## Requirement
The answer should consist of the records below, repeated exactly, and no pictures.

-----

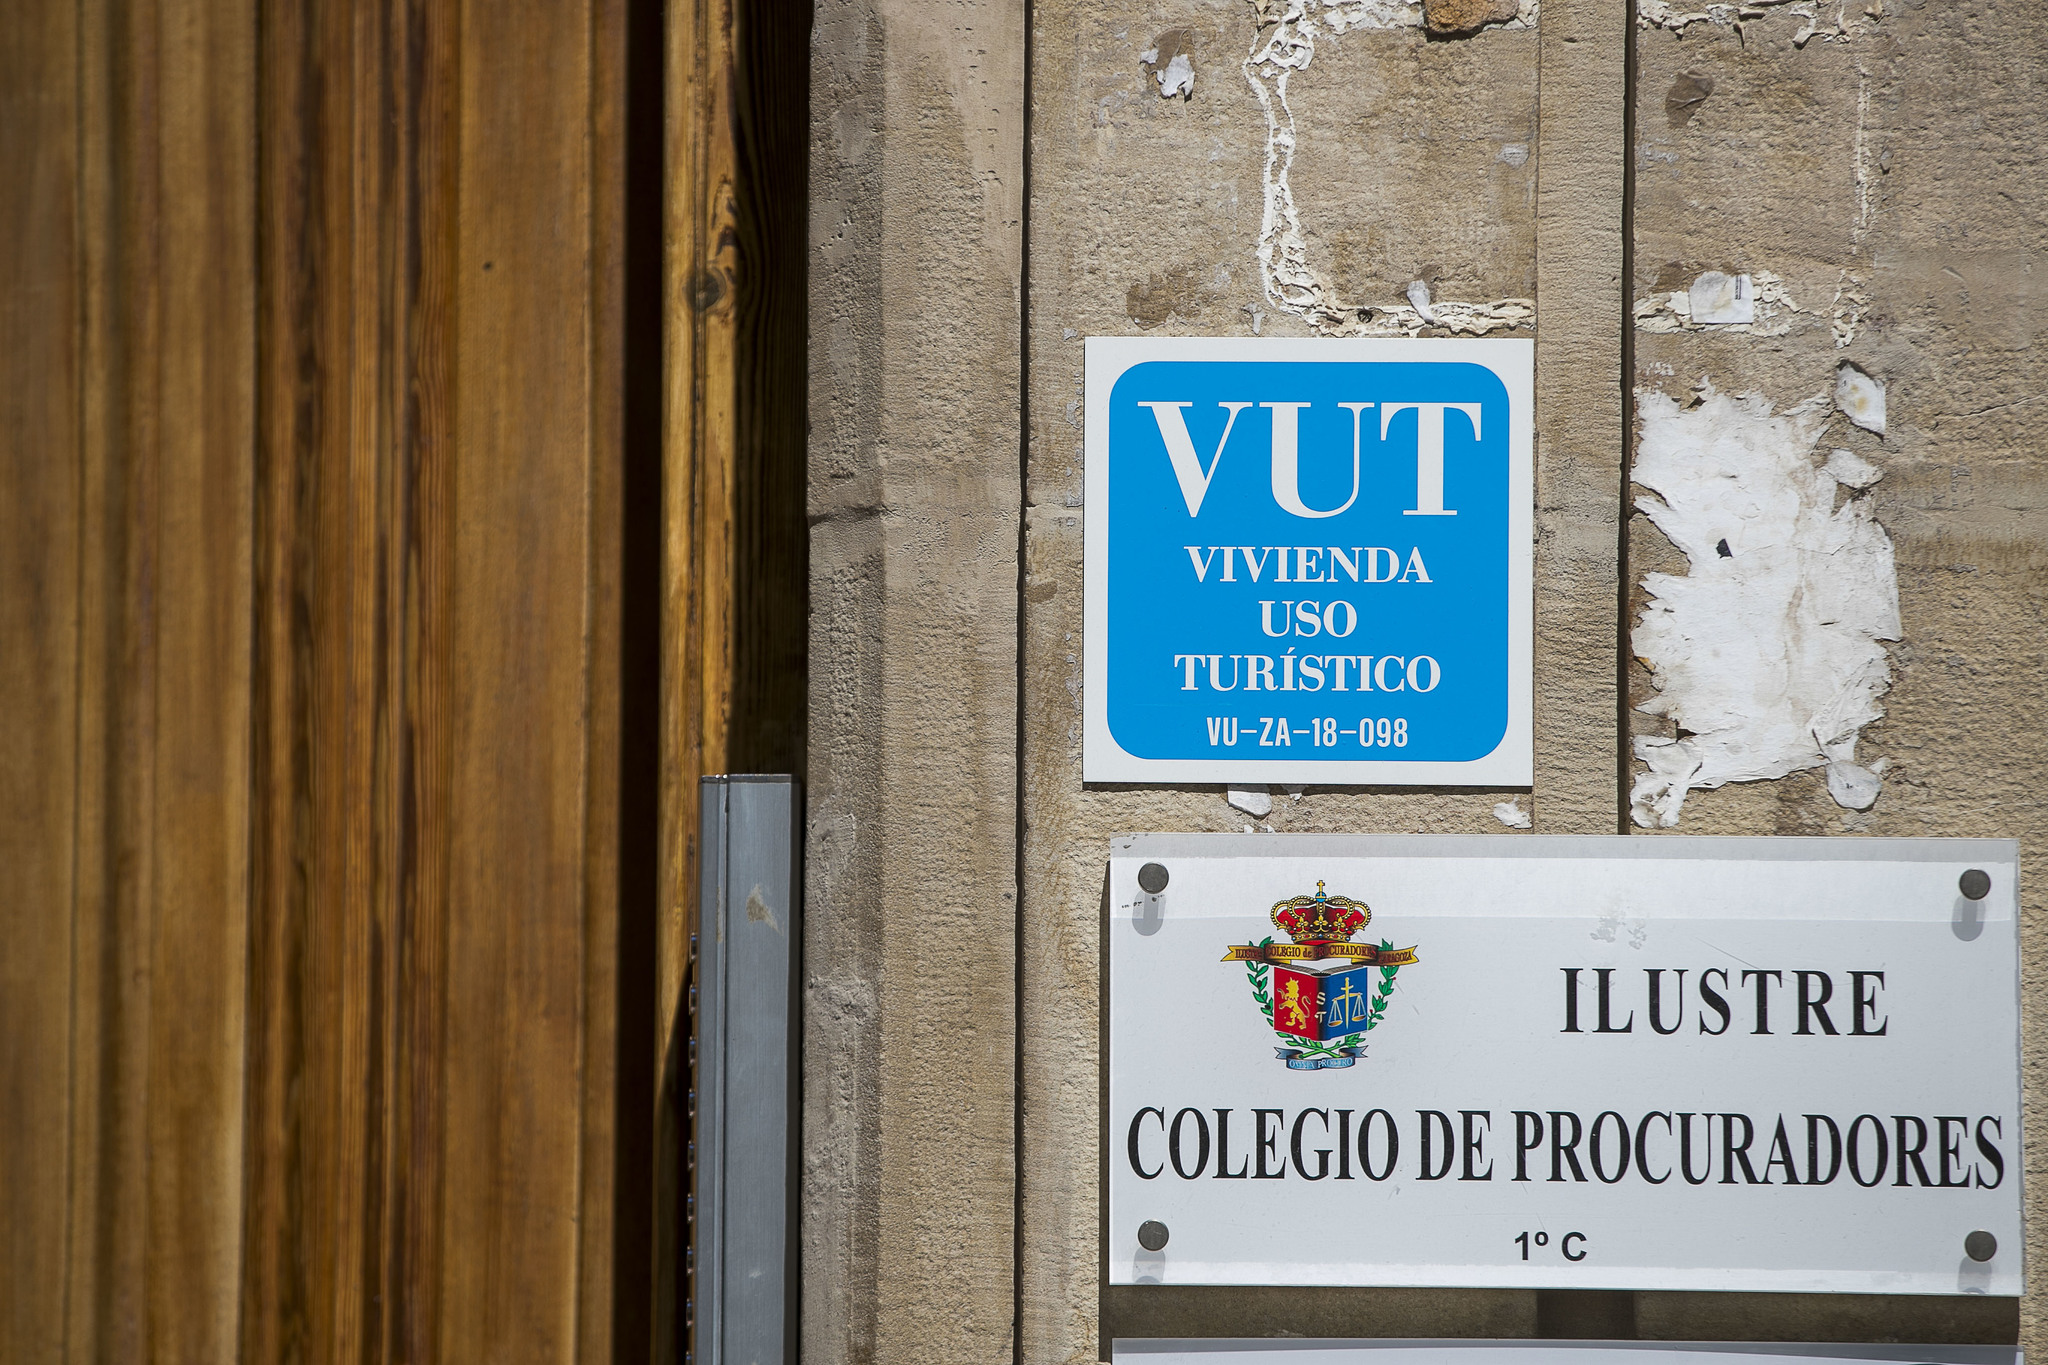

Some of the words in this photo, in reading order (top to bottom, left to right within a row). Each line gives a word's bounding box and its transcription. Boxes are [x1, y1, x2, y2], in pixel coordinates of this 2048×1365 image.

[1137, 401, 1482, 519] VUT
[1183, 545, 1434, 583] VIVIENDA
[1258, 599, 1358, 638] USO
[1174, 646, 1441, 693] TURÍSTICO
[1206, 716, 1409, 748] VU-ZA-18-098
[1559, 967, 1888, 1037] ILUSTRE
[1127, 1106, 1399, 1182] COLEGIO
[1415, 1109, 1494, 1182] DE
[1510, 1110, 2004, 1190] PROCURADORES
[1561, 1231, 1587, 1262] C

-----

## Your solution
Some of the words in this photo, in reading order (top to bottom, left to right within a row). Each line gives a word's bounding box and its transcription. Boxes are [x1, y1, x2, y2], in pixel coordinates of this 2048×1365 image.

[1137, 401, 1482, 519] VUT
[1183, 545, 1434, 583] VIVIENDA
[1258, 599, 1358, 638] USO
[1174, 646, 1441, 693] TURÍSTICO
[1206, 716, 1409, 748] VU-ZA-18-098
[1559, 967, 1888, 1037] ILUSTRE
[1127, 1106, 1399, 1182] COLEGIO
[1415, 1109, 1494, 1182] DE
[1510, 1110, 2004, 1190] PROCURADORES
[1561, 1231, 1587, 1262] C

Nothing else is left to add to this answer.